A faithful copy of the entries is required, with no images in it.

- Referring expression grounding data -
---------------

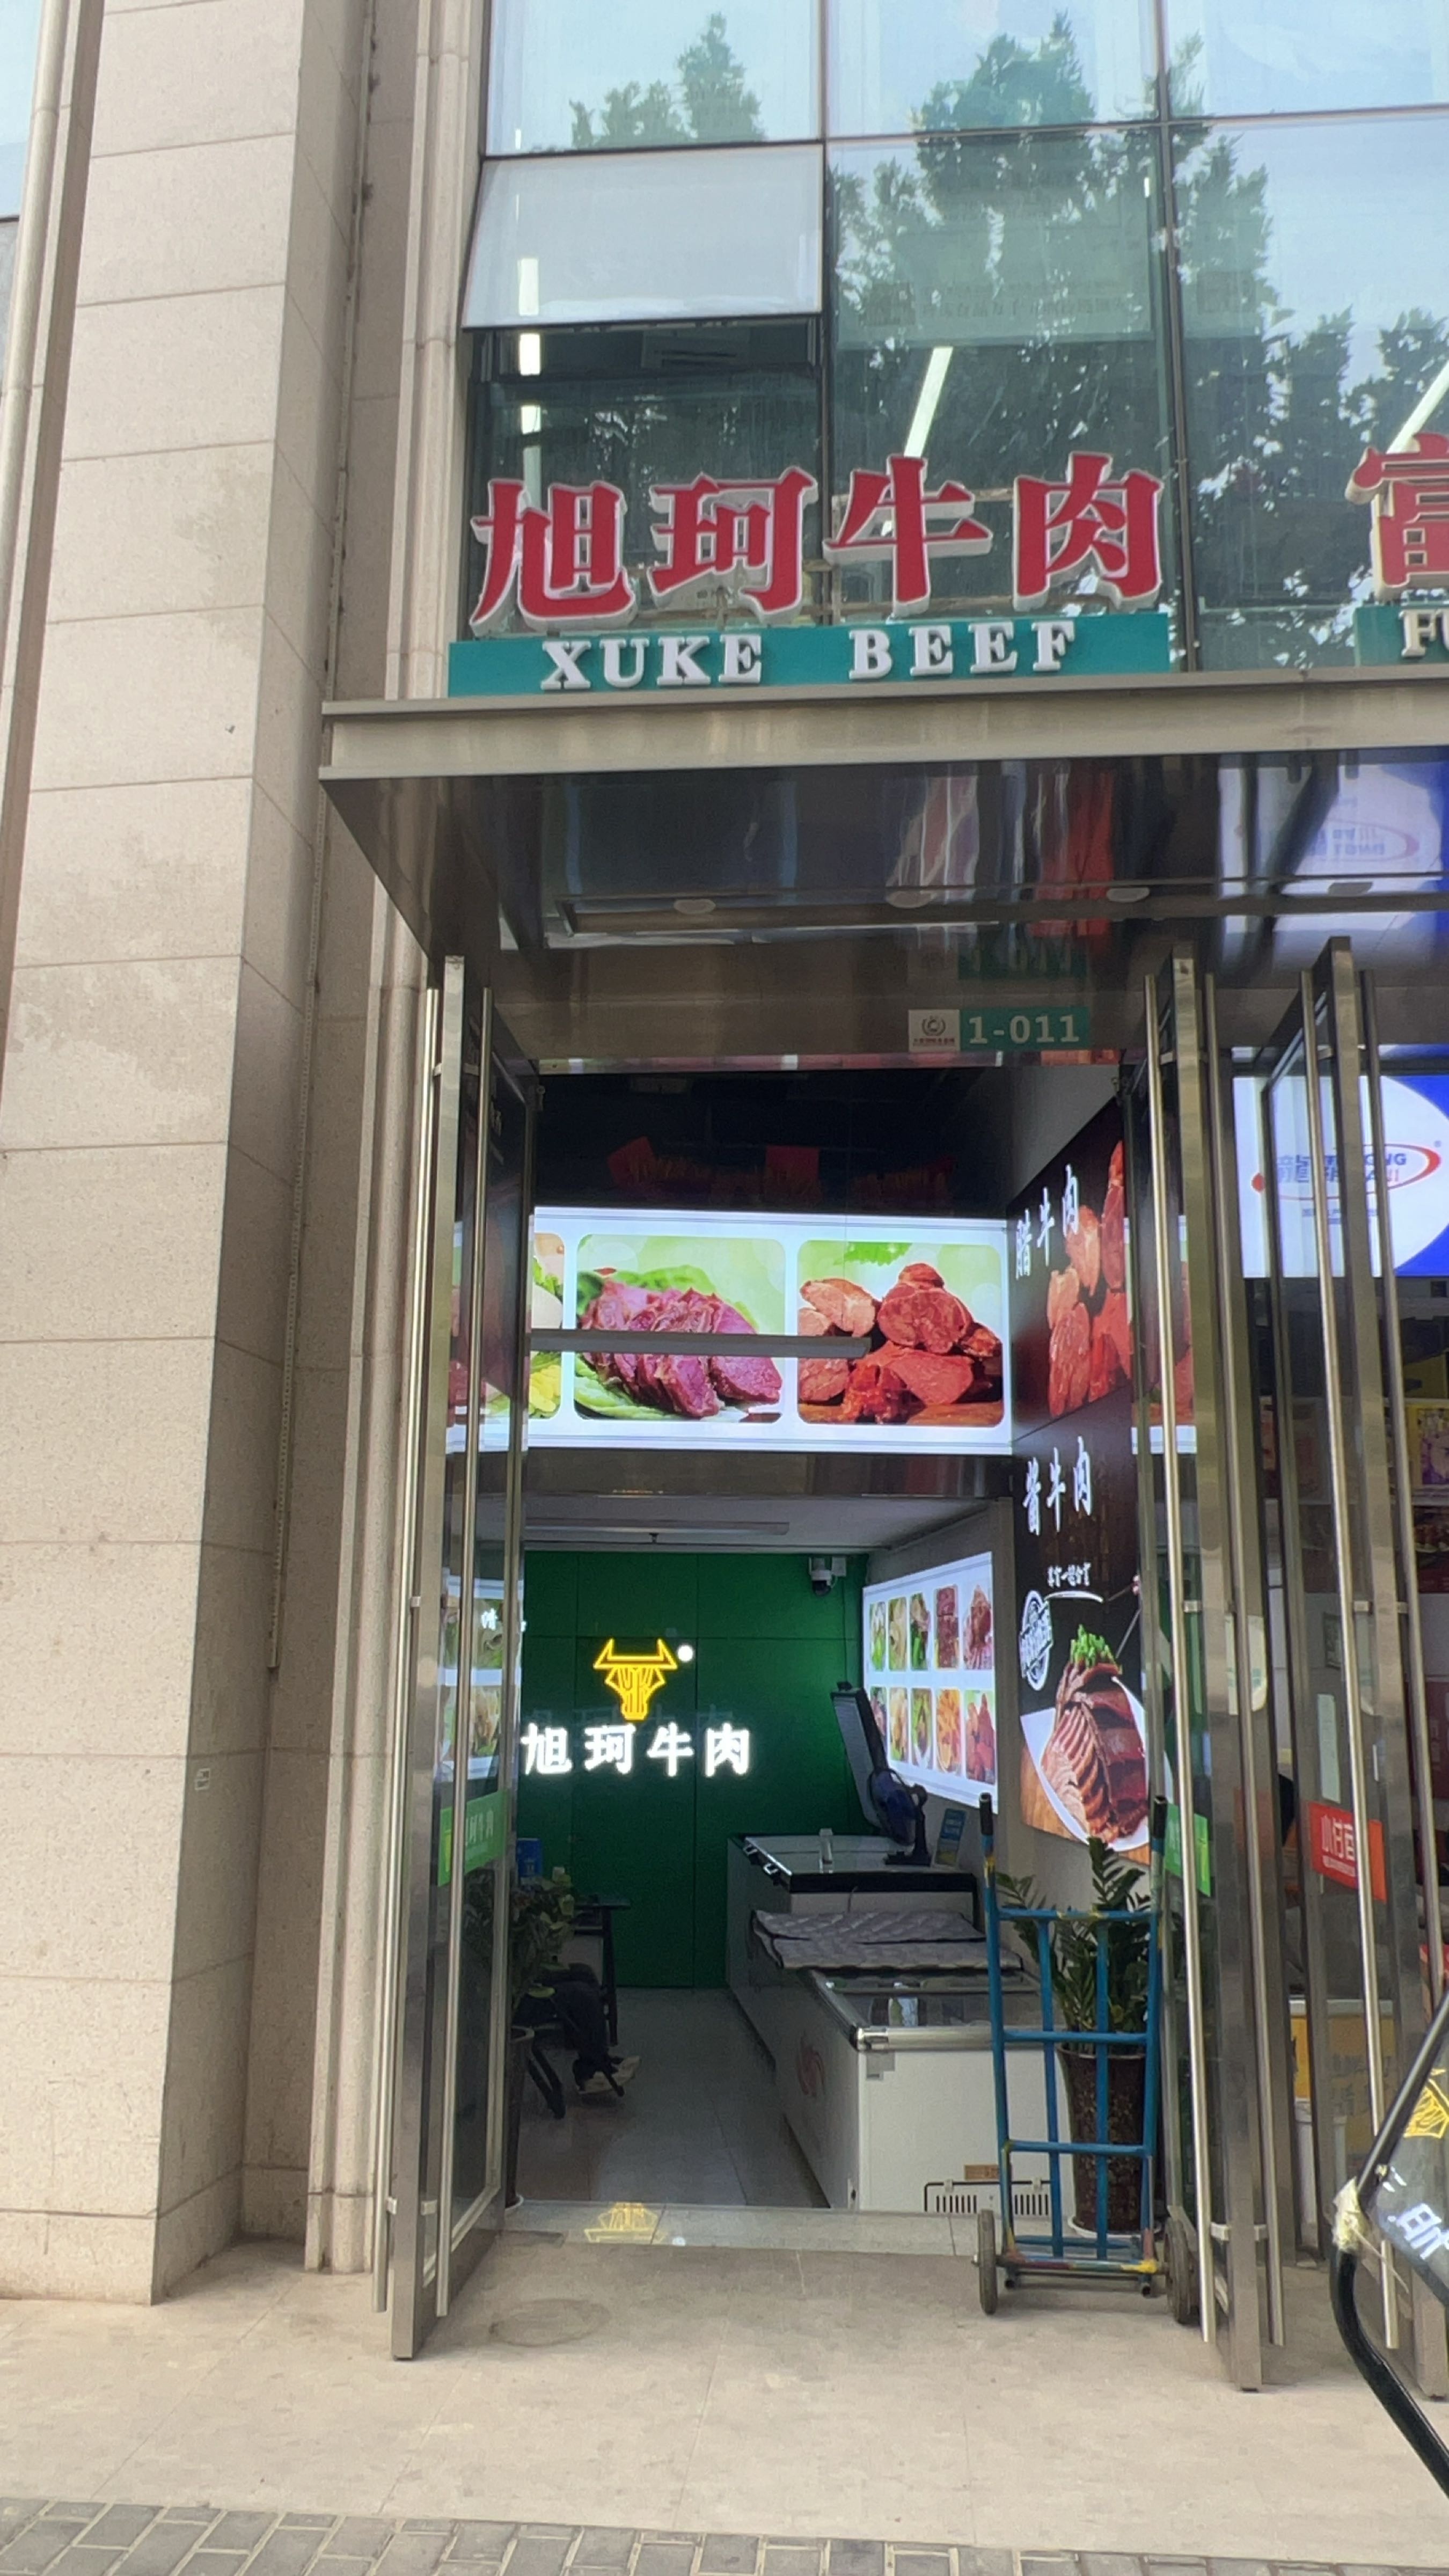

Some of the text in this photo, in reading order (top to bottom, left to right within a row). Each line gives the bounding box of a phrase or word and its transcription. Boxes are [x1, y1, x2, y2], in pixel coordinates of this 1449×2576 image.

[470, 451, 1165, 632] 旭珂牛肉
[540, 620, 1075, 690] XUKE BEEF
[968, 1014, 1080, 1044] 1-011
[521, 1722, 750, 1777] 旭珂牛肉

---------------

- Result of this exercise -
Some of the text in this photo, in reading order (top to bottom, left to right within a row). Each line gives the bounding box of a phrase or word and its transcription. Boxes are [x1, y1, x2, y2], in pixel coordinates of this 1449×2576 image.

[470, 451, 1165, 632] 旭珂牛肉
[540, 620, 1075, 690] XUKE BEEF
[968, 1014, 1080, 1044] 1-011
[521, 1722, 750, 1777] 旭珂牛肉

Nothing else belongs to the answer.